What to work on:
From the material below, copy exactly the lines beginning with the one that contains "this 1904×1428 image." and ending with the one that contains "this 1300×975 image."; the pictures stay out.

___ Material provided

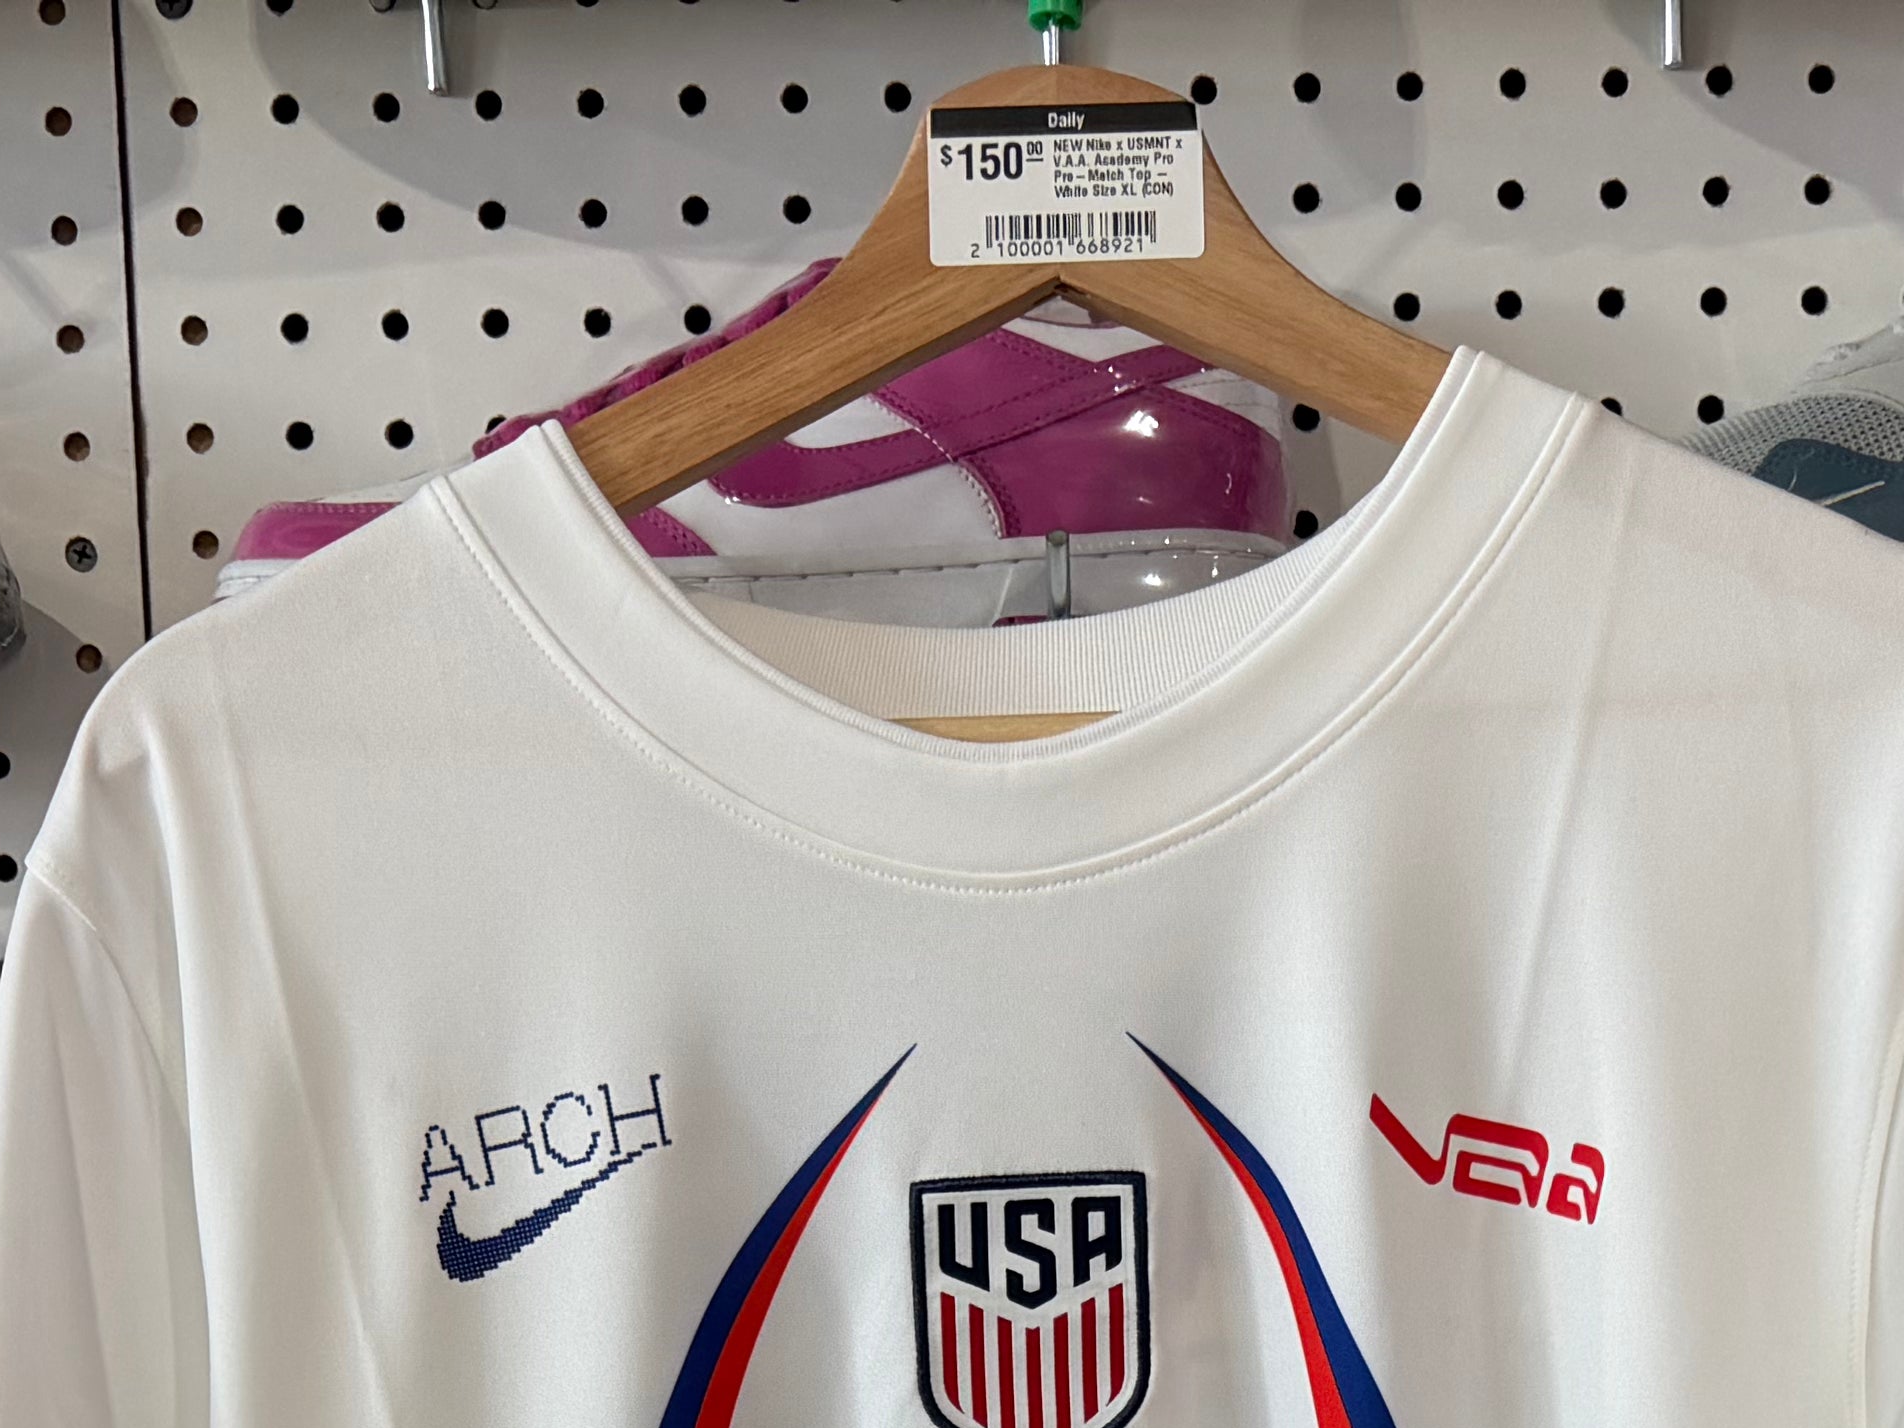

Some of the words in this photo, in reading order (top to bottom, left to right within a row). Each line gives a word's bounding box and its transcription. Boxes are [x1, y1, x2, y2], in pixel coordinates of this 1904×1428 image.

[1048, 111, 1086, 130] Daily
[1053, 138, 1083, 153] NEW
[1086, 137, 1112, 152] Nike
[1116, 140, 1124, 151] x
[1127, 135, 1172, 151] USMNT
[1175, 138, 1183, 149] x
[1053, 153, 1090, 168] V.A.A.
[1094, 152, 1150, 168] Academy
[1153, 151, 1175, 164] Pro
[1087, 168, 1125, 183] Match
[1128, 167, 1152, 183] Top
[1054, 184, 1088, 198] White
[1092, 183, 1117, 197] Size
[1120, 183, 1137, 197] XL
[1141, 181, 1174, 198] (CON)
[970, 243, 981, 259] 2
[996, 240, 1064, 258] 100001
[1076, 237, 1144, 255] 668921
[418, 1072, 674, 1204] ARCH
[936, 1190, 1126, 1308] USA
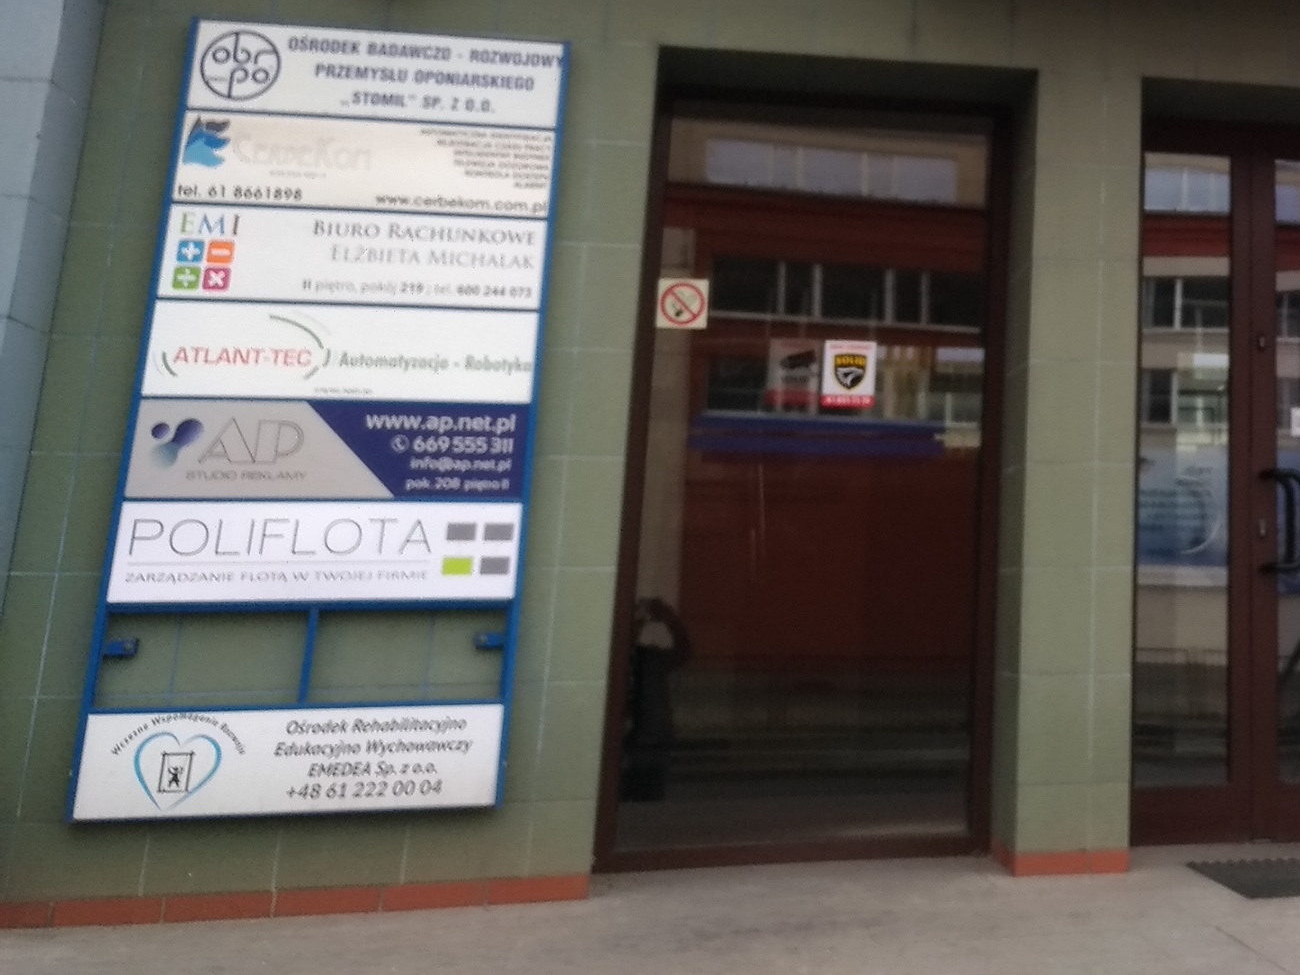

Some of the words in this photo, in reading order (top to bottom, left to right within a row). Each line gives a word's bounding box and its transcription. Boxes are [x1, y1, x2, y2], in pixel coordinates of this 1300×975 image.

______
___ Material provided

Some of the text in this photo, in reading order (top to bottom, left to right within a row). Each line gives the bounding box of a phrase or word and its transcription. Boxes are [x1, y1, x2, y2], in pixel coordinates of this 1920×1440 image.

______

Your solution:
Some of the words in this photo, in reading order (top to bottom, left to right within a row). Each line gives a word's bounding box and its transcription. Boxes are [x1, y1, x2, y2], in pixel coordinates of this 1904×1428 image.

[1048, 111, 1086, 130] Daily
[1053, 138, 1083, 153] NEW
[1086, 137, 1112, 152] Nike
[1116, 140, 1124, 151] x
[1127, 135, 1172, 151] USMNT
[1175, 138, 1183, 149] x
[1053, 153, 1090, 168] V.A.A.
[1094, 152, 1150, 168] Academy
[1153, 151, 1175, 164] Pro
[1087, 168, 1125, 183] Match
[1128, 167, 1152, 183] Top
[1054, 184, 1088, 198] White
[1092, 183, 1117, 197] Size
[1120, 183, 1137, 197] XL
[1141, 181, 1174, 198] (CON)
[970, 243, 981, 259] 2
[996, 240, 1064, 258] 100001
[1076, 237, 1144, 255] 668921
[418, 1072, 674, 1204] ARCH
[936, 1190, 1126, 1308] USA

Some of the words in this photo, in reading order (top to bottom, left to right within a row). Each line gives a word's bounding box and its transcription. Boxes are [x1, y1, x2, y2], in pixel coordinates of this 1300×975 image.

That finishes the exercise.